My hypotheses were not far from the comments I received.
What the game changers think
One of the respondents to the idea of releasing GMMs in Nigeria wondered if I had checked with the witches. A reference to the occult was one of the reactions that I expected among Nigerians who are asked to consider genetic engineering. Contrary to expectation though, most respondents did not say anything diabolic about GMMs, although one person reminded me that mosquitoes were created by God for a purpose. She strongly advised me not to do something that would annoy the almighty.
Although none of the comments I received pointed a finger at the West, there were concerns about the role of corrupt government officials in dealing with a potential GMM release in Nigeria. Barieene George asked,
“This mosquito and our Nigerian government, won’t they be manipulated and corrupted to eat up open-minded people like us?”
Beyond my own hypotheses, the opinion sample yielded some other insightful thoughts. Most respondents were concerned about the balance of the ecosystem. Itoro Akpan-Iquot put it clearly:
“You probably don’t want to mess with the balance of nature. Nature hates a vacuum.”
She pointed me to the outcome of the mosquito eradication efforts in India. A major resurgence of malaria occurred after the slackening of the Indian DDT-based eradication program in the 1970s.
In contrast, Steve Amaeshi prefers chemical-based mosquito eradication to anything genetically modified. He
“would rather see DDT evolve into a better product like fluoride in water to reduce the effect of chlorine. Quite apprehensive about anything that is GM.”
His apprehension was shared by other respondents. Prince Effiong reminded me of a movie in which a virus wiped out all cancers but ended up creating rabid zombies. In complete refusal of my GMM idea, Emmanuel Ekanem asked,
“Utibe you want to replace [regular mosquitoes] with ones that transmit HIV and/or Ebola? [Please] leave the mosquitoes alone!”
Perhaps to practically demonstrate their skepticism, some respondents suggested that I conduct a pilot release in my own village home.
Yet the economic consequences of a GMM release in Nigeria was not lost on certain respondents. One commentator thought it would be a good idea but reminded me that a malaria vaccine was on the verge of approval. Another pointed me in the direction of the mosquito repellants she distributes.
However, the responses I received were not entirely unsupportive of the GMM idea. Several comments critically analyzed the feasibility of the approach. I even found volunteers for my potential release project.

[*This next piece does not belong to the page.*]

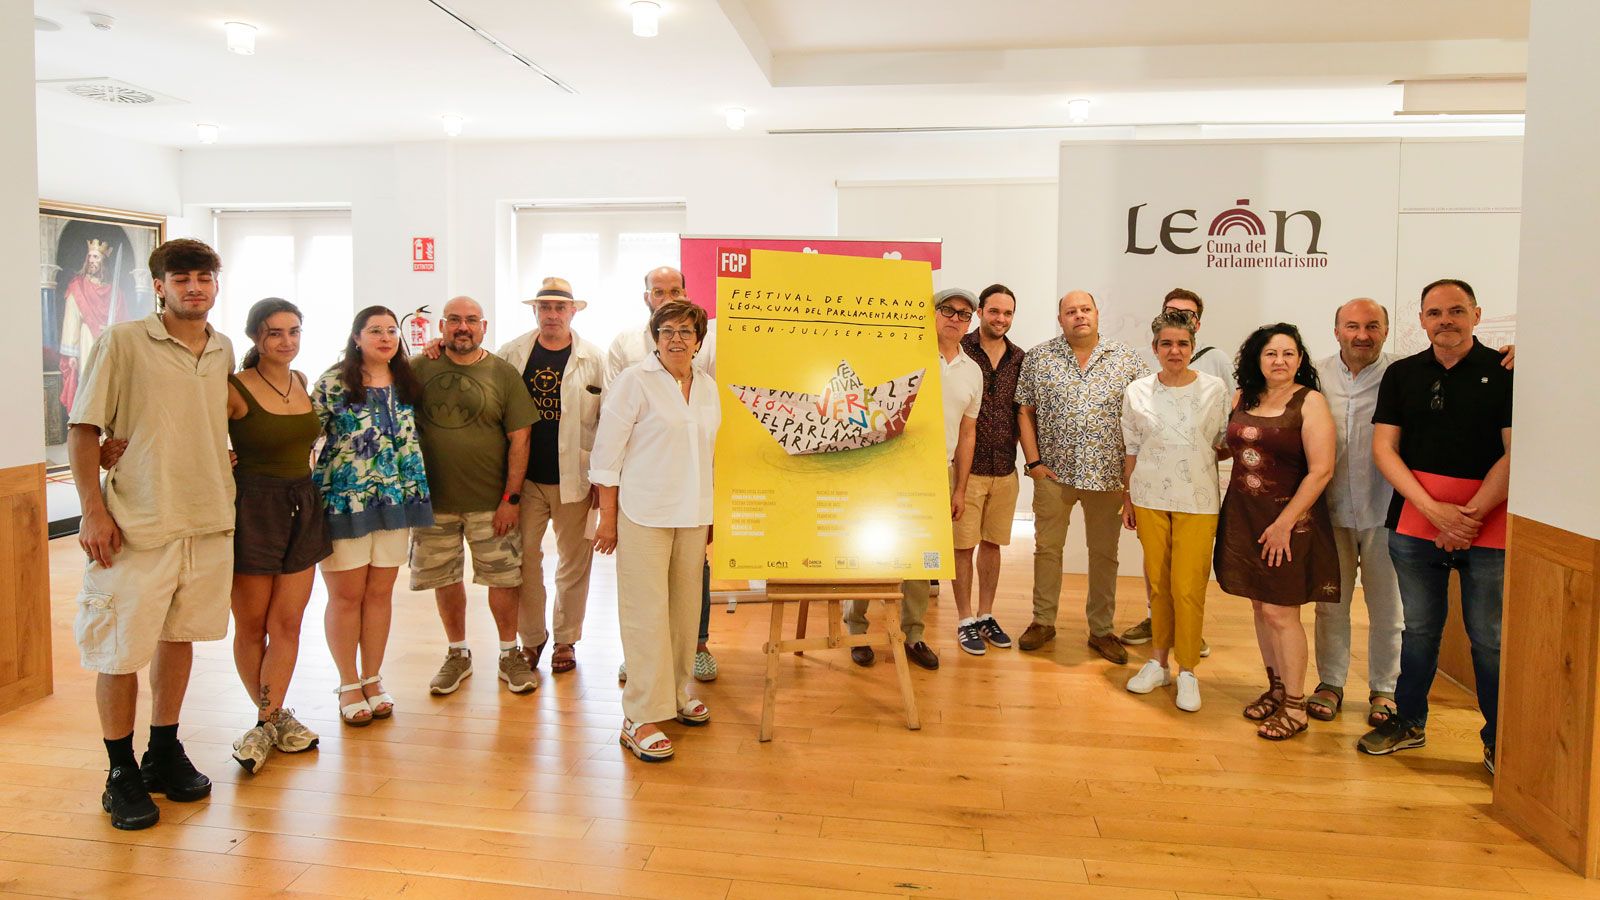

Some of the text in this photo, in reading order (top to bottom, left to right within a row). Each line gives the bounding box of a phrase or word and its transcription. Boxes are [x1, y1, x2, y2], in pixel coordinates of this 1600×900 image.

In the end, the comment that most resonated with me was made by Azubuike Chukwuemeka. He said
“We’ll look into this matter after the [February] elections.”

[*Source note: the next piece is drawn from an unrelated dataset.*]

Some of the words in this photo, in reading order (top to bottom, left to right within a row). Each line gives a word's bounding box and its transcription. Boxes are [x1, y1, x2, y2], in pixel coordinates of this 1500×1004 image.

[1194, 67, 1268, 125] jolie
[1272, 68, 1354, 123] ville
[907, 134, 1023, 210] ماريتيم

It’s true. Government and governance has always been the most important thing on the minds of many Nigerians.
Innovation, governance and the people
The use of biotechnology to genetically modify insect vectors for the purpose of human disease control may be a refreshingly innovative idea but it takes more than innovation to solve public health problems. There is need for a broad-based policy approach that includes grassroots participation.
For Nigerians, and most people in the developing world, the opportunity to participate in policy-shaping dialogues around technologies and interventions that impact their lives, will only become available when votes begin to count.